Leaving the images aside, transcribe all the data below exactly.

(Phrase grounding data)

# # # #

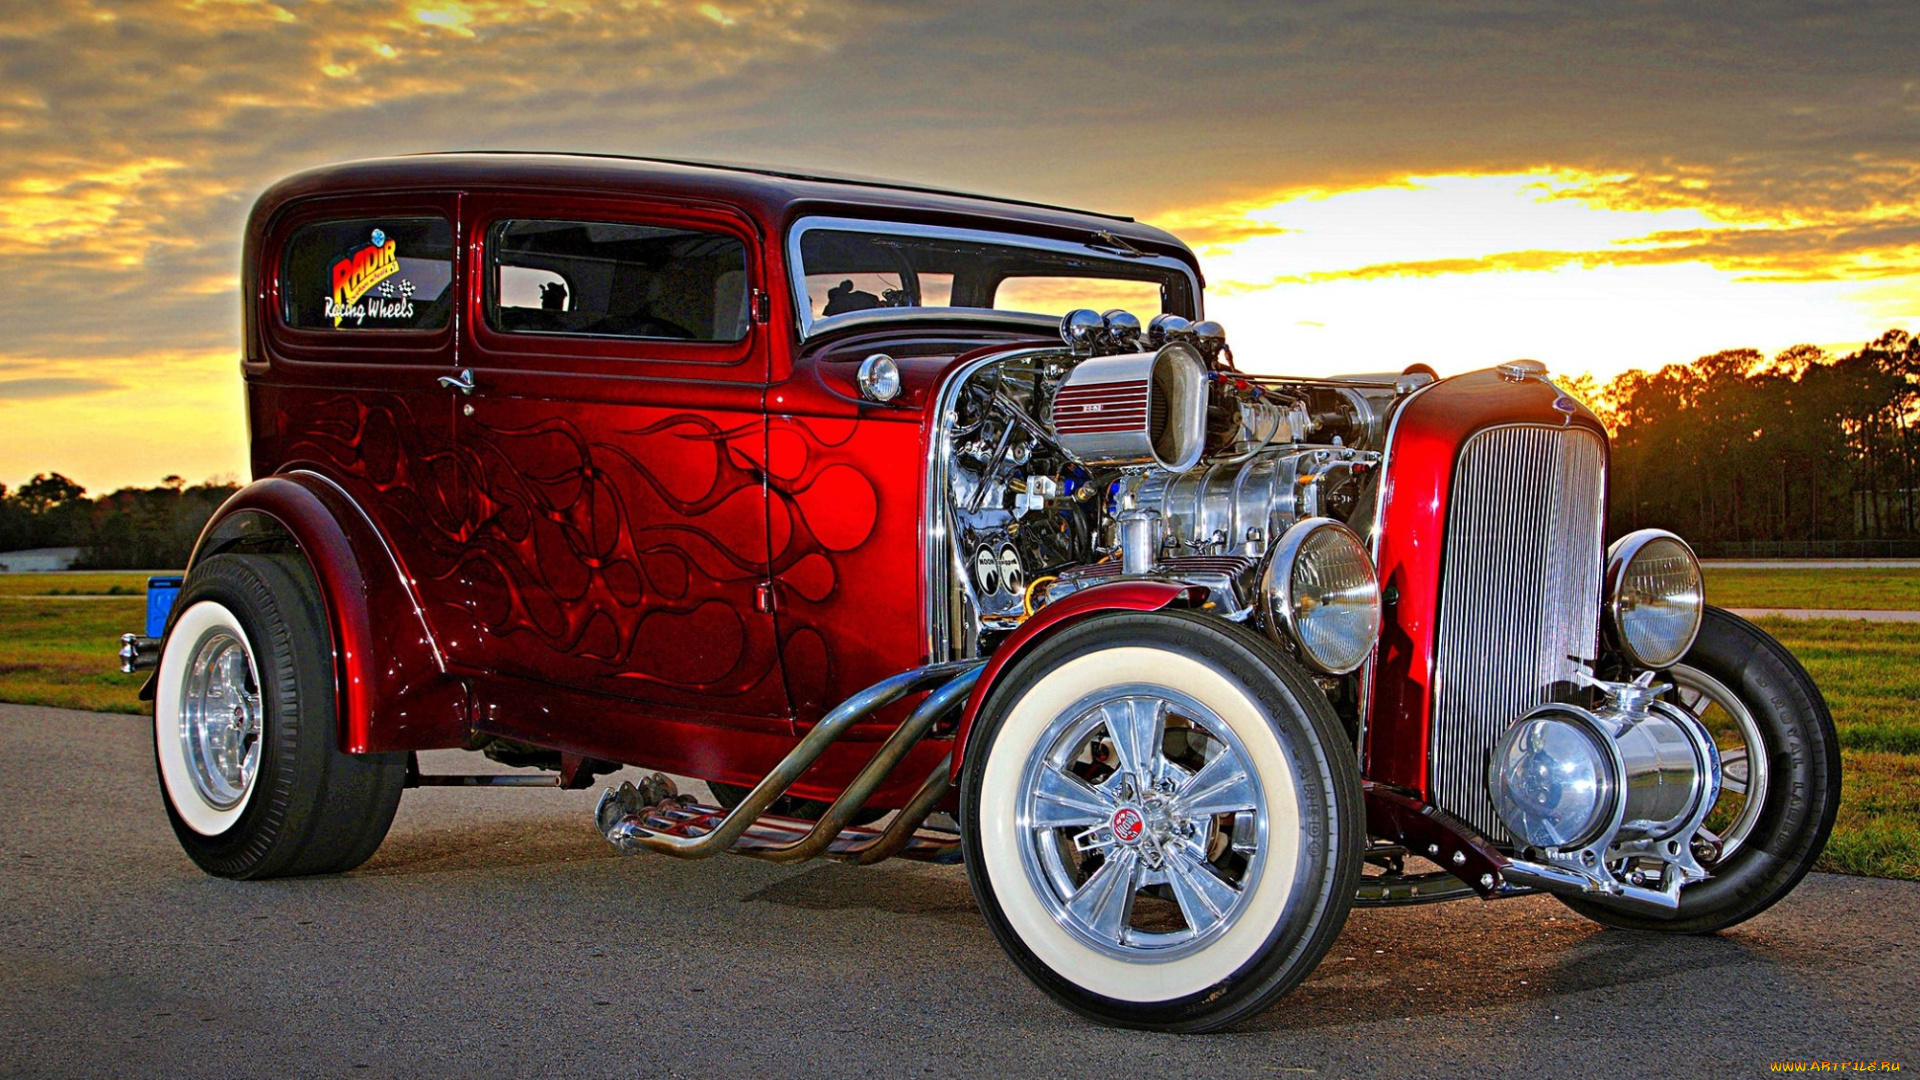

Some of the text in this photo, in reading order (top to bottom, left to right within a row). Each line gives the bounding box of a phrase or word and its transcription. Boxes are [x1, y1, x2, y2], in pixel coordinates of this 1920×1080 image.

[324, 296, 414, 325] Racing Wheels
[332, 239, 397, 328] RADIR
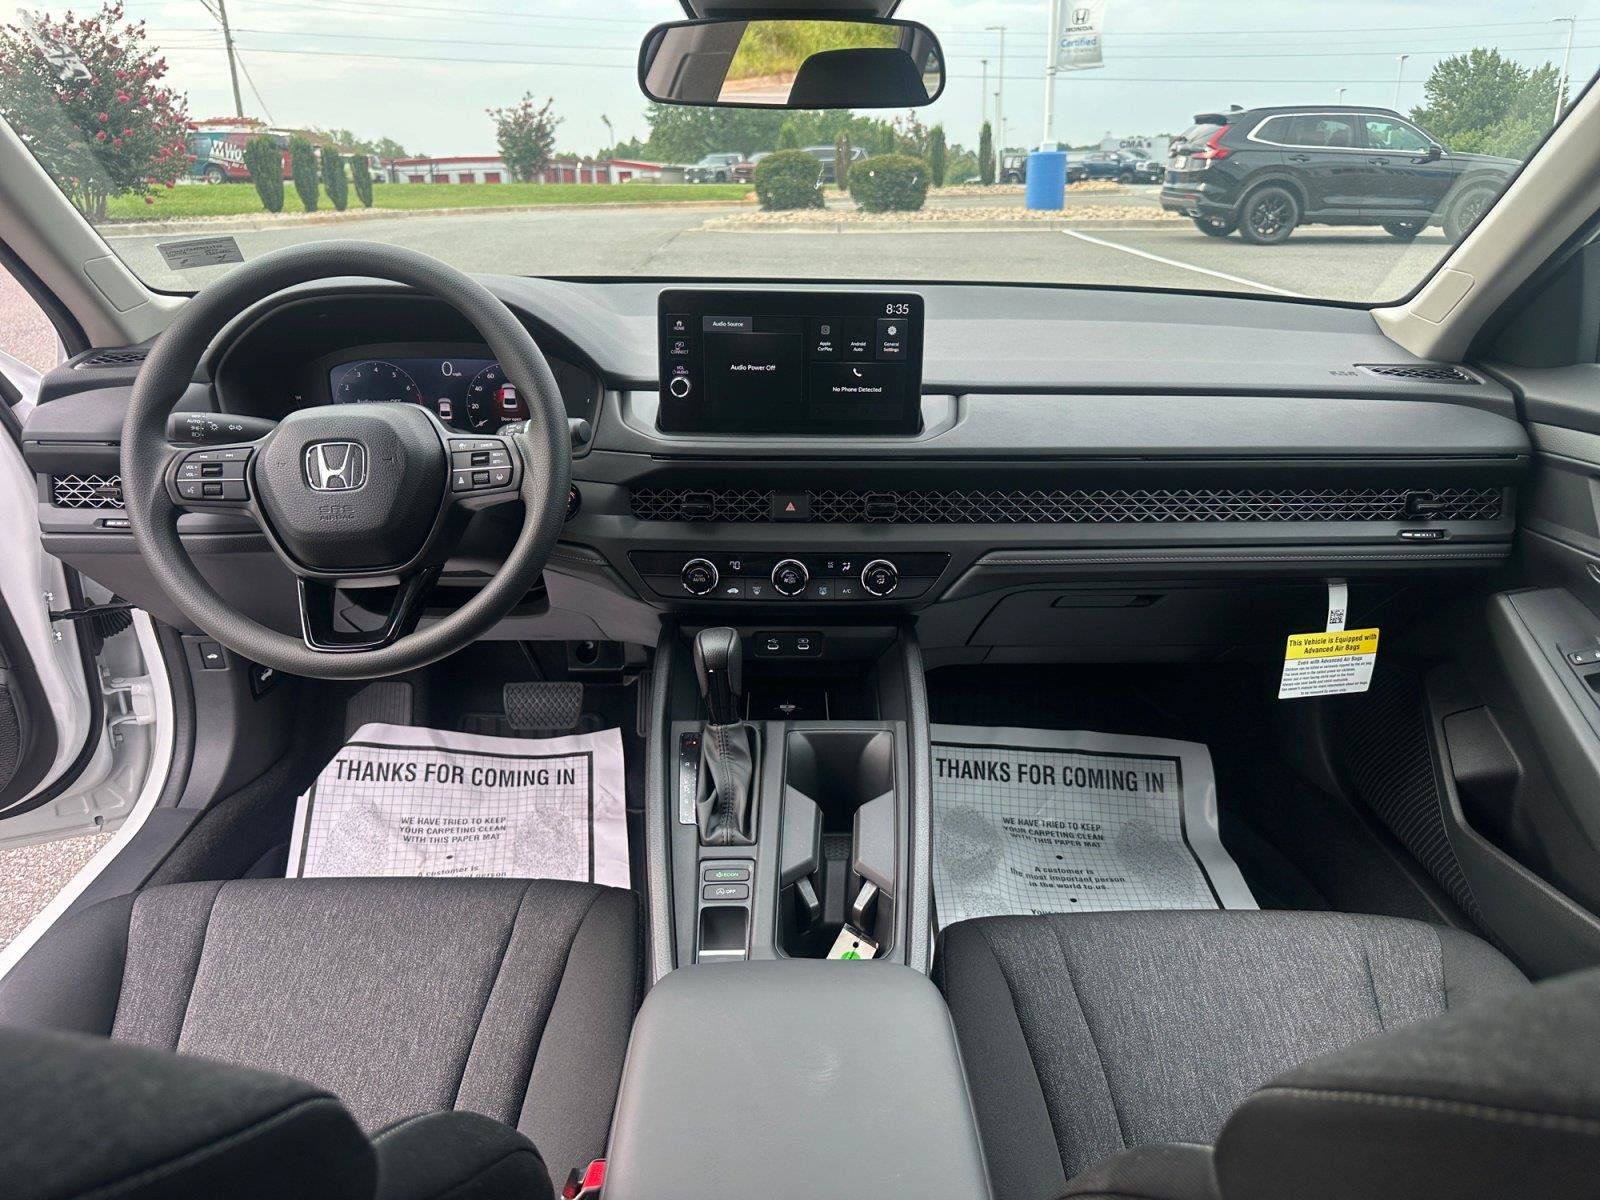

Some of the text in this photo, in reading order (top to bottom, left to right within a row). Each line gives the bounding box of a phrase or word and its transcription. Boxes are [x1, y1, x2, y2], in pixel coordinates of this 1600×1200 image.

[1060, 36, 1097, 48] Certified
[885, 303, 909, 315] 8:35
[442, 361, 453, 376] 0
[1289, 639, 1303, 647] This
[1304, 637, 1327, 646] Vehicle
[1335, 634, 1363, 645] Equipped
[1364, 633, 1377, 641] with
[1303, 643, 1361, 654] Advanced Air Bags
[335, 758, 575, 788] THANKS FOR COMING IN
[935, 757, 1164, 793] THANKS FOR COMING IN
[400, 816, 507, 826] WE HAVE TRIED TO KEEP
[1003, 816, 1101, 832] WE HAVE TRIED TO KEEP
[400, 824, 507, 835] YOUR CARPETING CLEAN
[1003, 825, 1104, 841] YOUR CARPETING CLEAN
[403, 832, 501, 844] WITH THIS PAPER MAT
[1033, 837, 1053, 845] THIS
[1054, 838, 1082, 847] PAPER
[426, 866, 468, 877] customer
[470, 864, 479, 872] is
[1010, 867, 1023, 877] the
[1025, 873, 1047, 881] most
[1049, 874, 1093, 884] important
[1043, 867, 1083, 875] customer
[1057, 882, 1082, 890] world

# # # #

- **Your response**:
Some of the text in this photo, in reading order (top to bottom, left to right within a row). Each line gives the bounding box of a phrase or word and its transcription. Boxes are [x1, y1, x2, y2], in pixel coordinates of this 1920×1080 image.

[324, 296, 414, 325] Racing Wheels
[332, 239, 397, 328] RADIR

Some of the text in this photo, in reading order (top to bottom, left to right within a row). Each line gives the bounding box of a phrase or word and its transcription. Boxes are [x1, y1, x2, y2], in pixel coordinates of this 1600×1200 image.

[1060, 36, 1097, 48] Certified
[885, 303, 909, 315] 8:35
[442, 361, 453, 376] 0
[1289, 639, 1303, 647] This
[1304, 637, 1327, 646] Vehicle
[1335, 634, 1363, 645] Equipped
[1364, 633, 1377, 641] with
[1303, 643, 1361, 654] Advanced Air Bags
[335, 758, 575, 788] THANKS FOR COMING IN
[935, 757, 1164, 793] THANKS FOR COMING IN
[400, 816, 507, 826] WE HAVE TRIED TO KEEP
[1003, 816, 1101, 832] WE HAVE TRIED TO KEEP
[400, 824, 507, 835] YOUR CARPETING CLEAN
[1003, 825, 1104, 841] YOUR CARPETING CLEAN
[403, 832, 501, 844] WITH THIS PAPER MAT
[1033, 837, 1053, 845] THIS
[1054, 838, 1082, 847] PAPER
[426, 866, 468, 877] customer
[470, 864, 479, 872] is
[1010, 867, 1023, 877] the
[1025, 873, 1047, 881] most
[1049, 874, 1093, 884] important
[1043, 867, 1083, 875] customer
[1057, 882, 1082, 890] world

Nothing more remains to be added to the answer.